Carbon and nitrogen isotope ratios were measured for various ecogeochemical samples relevant to bat guano ecosystems. In particular,
ca. 800-year-old subfossil guano from Jackson's Bay Cave Compex, Jamaica, yielded ratios similar to the modern guano from other Jamaican bat caves but quite different from modern guano of the same area. Diagenetic change and differences in bat food habits were unlikely explanations for the observation. Instead, insects that feed on C
4 and CAM plants were the main prey for the bats in present Jackson's Bay area, while the ultimate source of organic matter for bats in other Jamaican caves and for the bats that deposited guano in Jackson's Bay Great Cave
ca. 800 years ago were C
3 photosynthesis. We suggest that the isotopic data indicate that the surrounding environment experienced a significant mesic episode in the recent past.
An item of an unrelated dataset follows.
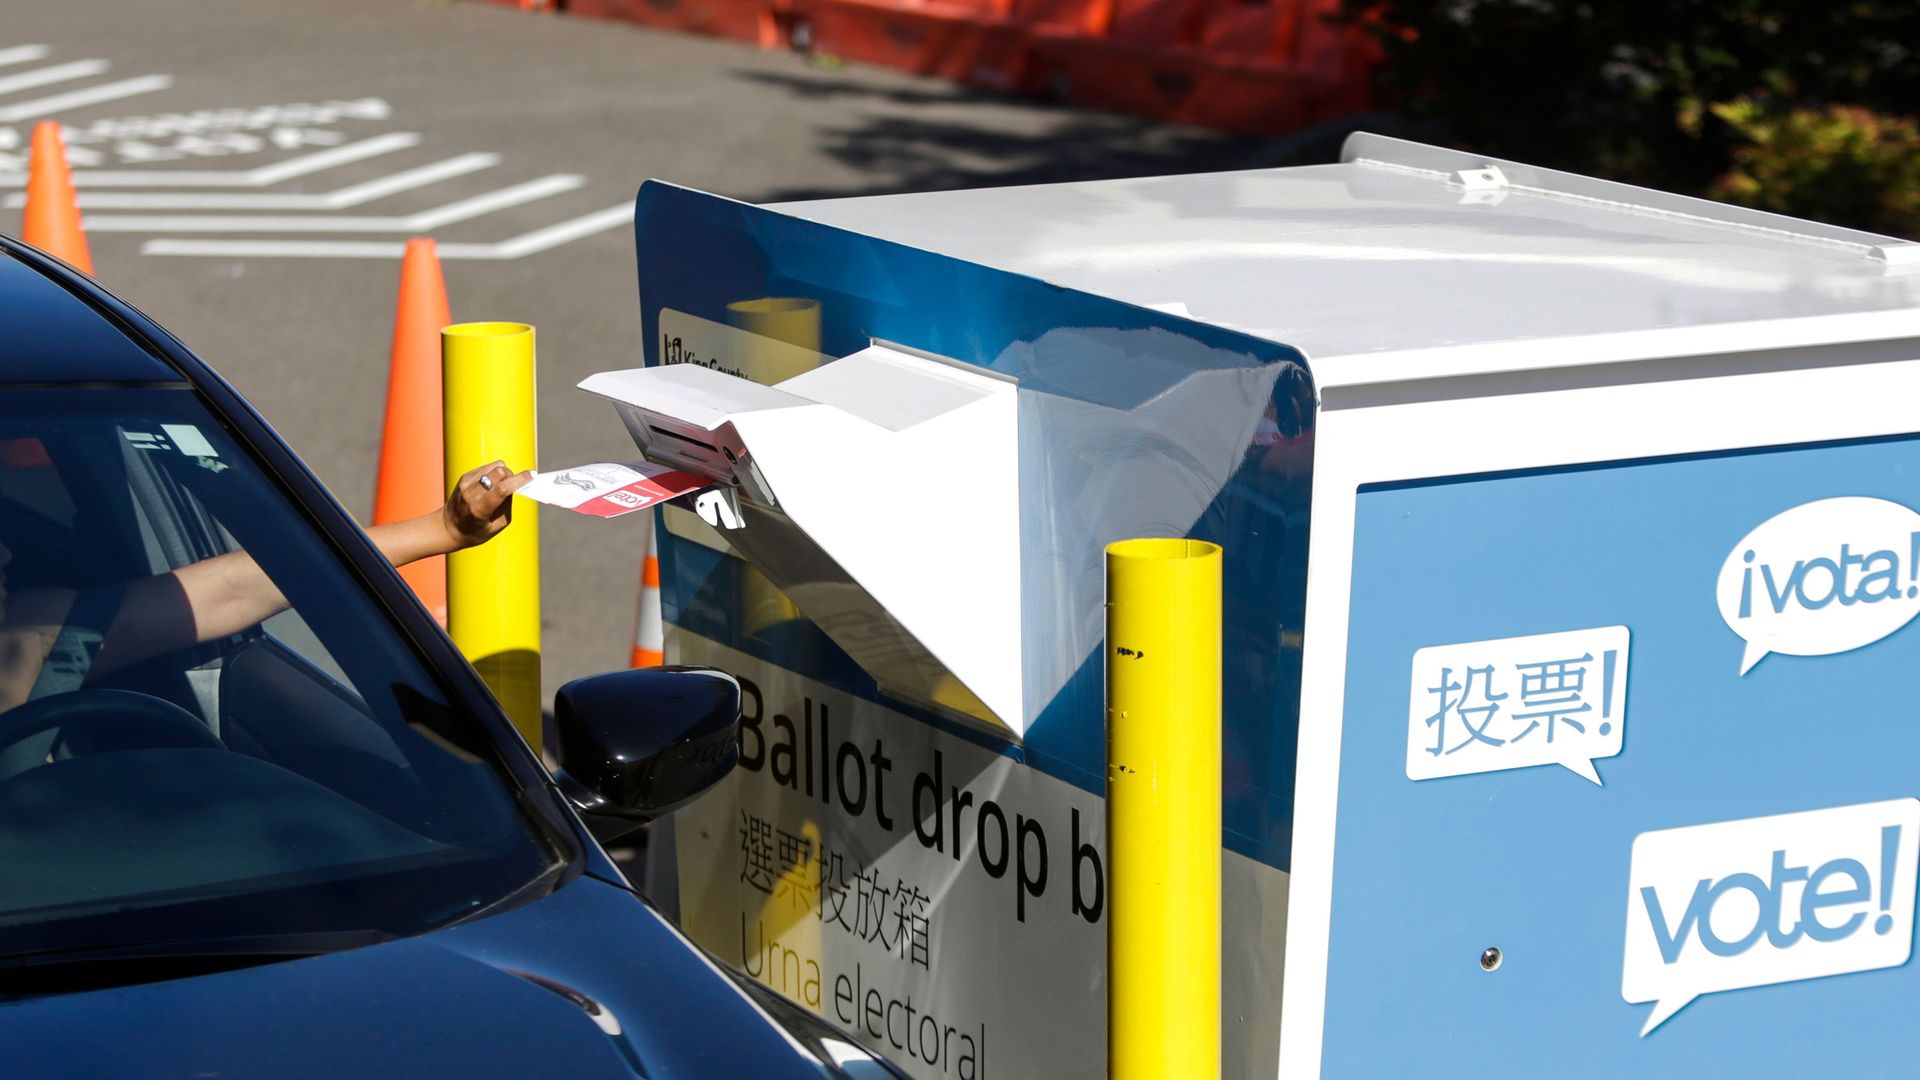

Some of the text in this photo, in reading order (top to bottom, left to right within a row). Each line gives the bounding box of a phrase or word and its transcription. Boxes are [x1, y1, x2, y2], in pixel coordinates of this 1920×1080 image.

This mesic climate would have supported a large population of bats, which in turn would have accumulated significant quantities of guano. The subsequent return to the more xeric conditions prevailing today would have caused a drastic reduction in bat population size and effectively ended significant guano accumulation. Fossil guano from Carlsbad Caverns, New Mexico, U.S.A., suggested that native C
3 plants might have been more abundant in Wisconsinan than today. Isotope analyses of old guanos from Bat Cave in Grand Canyon National Park, Arizona, U. S. A., found a possible implication that C
4 photosynthesis might have had contributed a little more to the bats' diet in the cave before the construction of Glen Canyon Dam.